RECORD SET ▸

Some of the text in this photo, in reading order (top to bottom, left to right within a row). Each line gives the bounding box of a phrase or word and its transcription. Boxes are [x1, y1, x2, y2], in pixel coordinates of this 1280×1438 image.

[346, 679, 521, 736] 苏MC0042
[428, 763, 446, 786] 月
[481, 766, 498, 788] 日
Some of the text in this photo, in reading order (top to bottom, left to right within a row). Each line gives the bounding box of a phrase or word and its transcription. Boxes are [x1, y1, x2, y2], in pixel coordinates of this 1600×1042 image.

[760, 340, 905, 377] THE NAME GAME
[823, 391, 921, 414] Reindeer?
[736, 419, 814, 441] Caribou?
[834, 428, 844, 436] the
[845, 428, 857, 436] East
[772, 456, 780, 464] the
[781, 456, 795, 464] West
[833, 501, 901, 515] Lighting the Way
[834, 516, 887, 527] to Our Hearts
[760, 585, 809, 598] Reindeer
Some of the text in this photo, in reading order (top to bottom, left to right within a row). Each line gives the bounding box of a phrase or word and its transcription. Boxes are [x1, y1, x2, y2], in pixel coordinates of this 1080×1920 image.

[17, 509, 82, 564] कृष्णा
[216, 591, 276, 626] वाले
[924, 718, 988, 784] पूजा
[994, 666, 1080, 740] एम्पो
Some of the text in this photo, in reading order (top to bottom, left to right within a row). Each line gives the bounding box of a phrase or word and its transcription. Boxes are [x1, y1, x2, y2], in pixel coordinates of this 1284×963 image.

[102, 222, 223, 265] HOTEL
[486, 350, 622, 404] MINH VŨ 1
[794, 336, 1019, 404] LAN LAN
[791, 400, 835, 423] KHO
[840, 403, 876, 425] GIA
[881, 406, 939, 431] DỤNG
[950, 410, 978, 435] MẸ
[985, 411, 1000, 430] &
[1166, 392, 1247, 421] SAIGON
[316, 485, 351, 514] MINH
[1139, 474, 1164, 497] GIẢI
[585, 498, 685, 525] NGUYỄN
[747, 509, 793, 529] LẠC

WHAT THE EXERCISE ASKS ▸ Take the records above and return them exactly as written.

WRITTEN SOLUTION ▸
Some of the text in this photo, in reading order (top to bottom, left to right within a row). Each line gives the bounding box of a phrase or word and its transcription. Boxes are [x1, y1, x2, y2], in pixel coordinates of this 1280×1438 image.

[346, 679, 521, 736] 苏MC0042
[428, 763, 446, 786] 月
[481, 766, 498, 788] 日
Some of the text in this photo, in reading order (top to bottom, left to right within a row). Each line gives the bounding box of a phrase or word and its transcription. Boxes are [x1, y1, x2, y2], in pixel coordinates of this 1600×1042 image.

[760, 340, 905, 377] THE NAME GAME
[823, 391, 921, 414] Reindeer?
[736, 419, 814, 441] Caribou?
[834, 428, 844, 436] the
[845, 428, 857, 436] East
[772, 456, 780, 464] the
[781, 456, 795, 464] West
[833, 501, 901, 515] Lighting the Way
[834, 516, 887, 527] to Our Hearts
[760, 585, 809, 598] Reindeer
Some of the text in this photo, in reading order (top to bottom, left to right within a row). Each line gives the bounding box of a phrase or word and its transcription. Boxes are [x1, y1, x2, y2], in pixel coordinates of this 1080×1920 image.

[17, 509, 82, 564] कृष्णा
[216, 591, 276, 626] वाले
[924, 718, 988, 784] पूजा
[994, 666, 1080, 740] एम्पो
Some of the text in this photo, in reading order (top to bottom, left to right within a row). Each line gives the bounding box of a phrase or word and its transcription. Boxes are [x1, y1, x2, y2], in pixel coordinates of this 1284×963 image.

[102, 222, 223, 265] HOTEL
[486, 350, 622, 404] MINH VŨ 1
[794, 336, 1019, 404] LAN LAN
[791, 400, 835, 423] KHO
[840, 403, 876, 425] GIA
[881, 406, 939, 431] DỤNG
[950, 410, 978, 435] MẸ
[985, 411, 1000, 430] &
[1166, 392, 1247, 421] SAIGON
[316, 485, 351, 514] MINH
[1139, 474, 1164, 497] GIẢI
[585, 498, 685, 525] NGUYỄN
[747, 509, 793, 529] LẠC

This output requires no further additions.